A abertura do evento contou com a presença do governador de Mato Grosso do Sul, Eduardo Riedel, e da ministra do Planejamento e Orçamento, Simone Tebet.

Durante a cerimônia, Riedel destacou que o planejamento estratégico adotado pelo Estado ao longo da última década foi fundamental para impulsionar o crescimento econômico e a atração de investimentos.

Segundo ele, o desenvolvimento de Mato Grosso do Sul foi estruturado a partir de áreas consideradas estratégicas, como segurança alimentar, transição energética e preservação ambiental.

“A nossa visão de dez anos atrás era muito clara para o nosso desenvolvimento. Nós desenhamos um plano de crescimento com bases sólidas, criando um ambiente de negócios positivo, com agilidade e desburocratização. Somos um governo que se propôs a ser simples e eficiente”, afirmou o governador. 

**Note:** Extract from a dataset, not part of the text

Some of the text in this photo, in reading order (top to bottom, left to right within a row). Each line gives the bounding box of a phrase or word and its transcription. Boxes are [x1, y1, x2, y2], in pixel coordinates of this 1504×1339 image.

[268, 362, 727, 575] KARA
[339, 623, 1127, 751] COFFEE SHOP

O fórum é realizado a cada três meses e reúne secretários estaduais de planejamento para discutir políticas públicas e aprimorar a articulação entre os estados e o governo federal. O encontro também promove a integração entre diferentes áreas da administração pública, envolvendo o Conselho Nacional de Secretários de Planejamento (Conseplan), o Conselho Nacional de Secretários de Administração (Consad) e o Comitê Nacional de Secretários de Fazenda (Comsefaz).

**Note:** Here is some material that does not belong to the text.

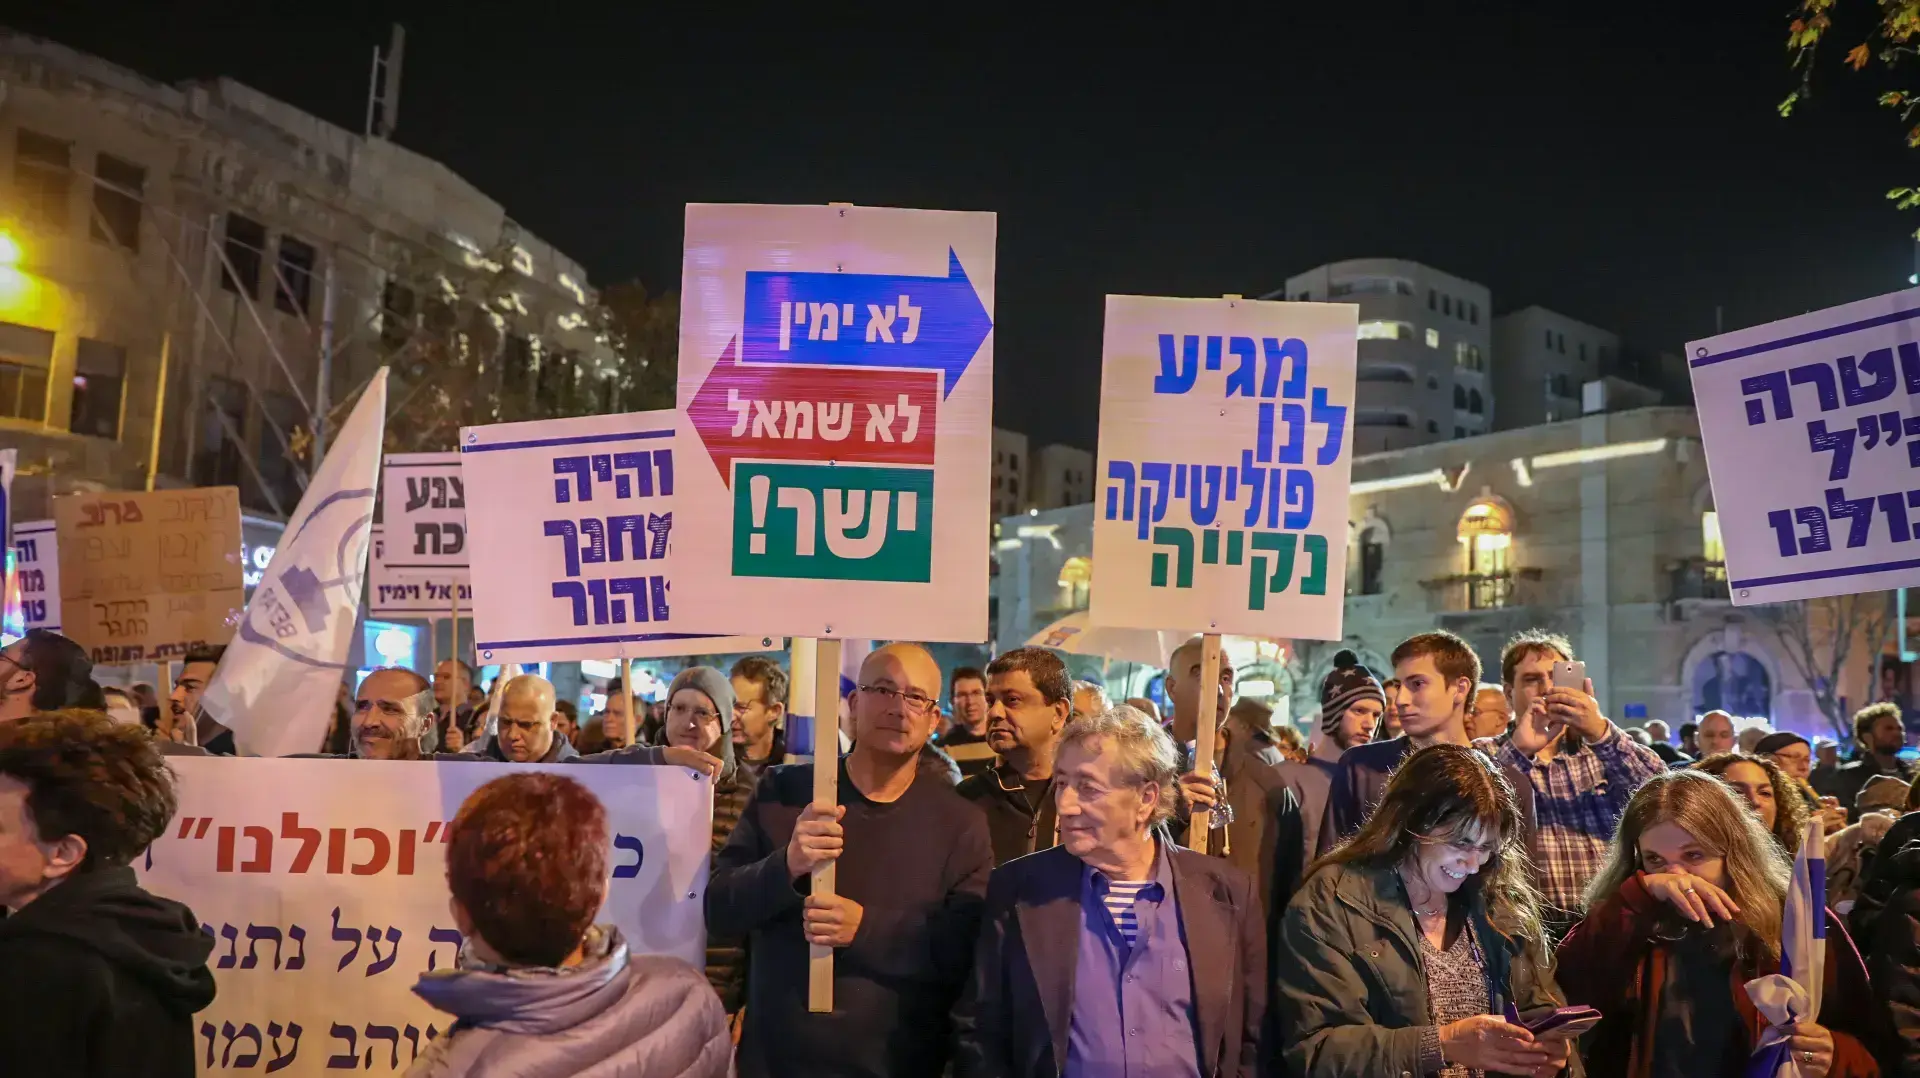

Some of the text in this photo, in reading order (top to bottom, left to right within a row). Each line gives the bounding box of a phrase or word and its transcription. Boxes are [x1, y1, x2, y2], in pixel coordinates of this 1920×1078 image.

A ministra Simone Tebet ressaltou a importância do planejamento de longo prazo para melhorar a eficiência do gasto público e ampliar os resultados das políticas públicas. De acordo com ela, a falta de uma cultura de planejamento no país ainda é um obstáculo para reduzir desigualdades e melhorar a gestão dos recursos públicos.

“O Brasil nunca teve cultura de planejamento de longo prazo. qualquer país desenvolvido do mundo, tem um planejamento de longo prazo. Porque quando você planeja, você gasta menos. Planejar exige coragem de extinguir políticas públicas ineficientes para pegar esse recurso e colocar onde mais precisa. E se nós não mudarmos essa cultura, isso é muito perigoso. Ou nós mudamos, fazendo com base no planejamento os investimentos onde precisam ser feitos, de pequeno, médio e longo prazo, ou nós vamos continuar sendo um dos países mais desiguais do mundo”, disse a ministra.

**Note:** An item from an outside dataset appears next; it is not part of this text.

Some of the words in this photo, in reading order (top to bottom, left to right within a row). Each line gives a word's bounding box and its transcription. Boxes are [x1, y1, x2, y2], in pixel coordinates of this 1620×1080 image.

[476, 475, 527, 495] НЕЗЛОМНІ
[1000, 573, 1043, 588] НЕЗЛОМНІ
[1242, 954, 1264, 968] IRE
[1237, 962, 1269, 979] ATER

O presidente do Conseplan e secretário de Planejamento, Gestão e Desenvolvimento Regional de Pernambuco, Fabrício Marques Santos, afirmou que Mato Grosso do Sul tem se destacado no cenário nacional pelo desempenho econômico e pelas políticas públicas adotadas nos últimos anos.

“Quando a gente estuda economia e contas regionais, sabe que é muito difícil crescer de forma consistente. O Mato Grosso do Sul vem se destacando nesse cenário brasileiro e o que está acontecendo aqui precisa ser observado pelo restante do país”, afirmou.. 

O fórum segue com programação técnica ao longo da semana, reunindo gestores públicos e especialistas para discutir planejamento estratégico, gestão fiscal e modernização da administração pública nos estados brasileiros.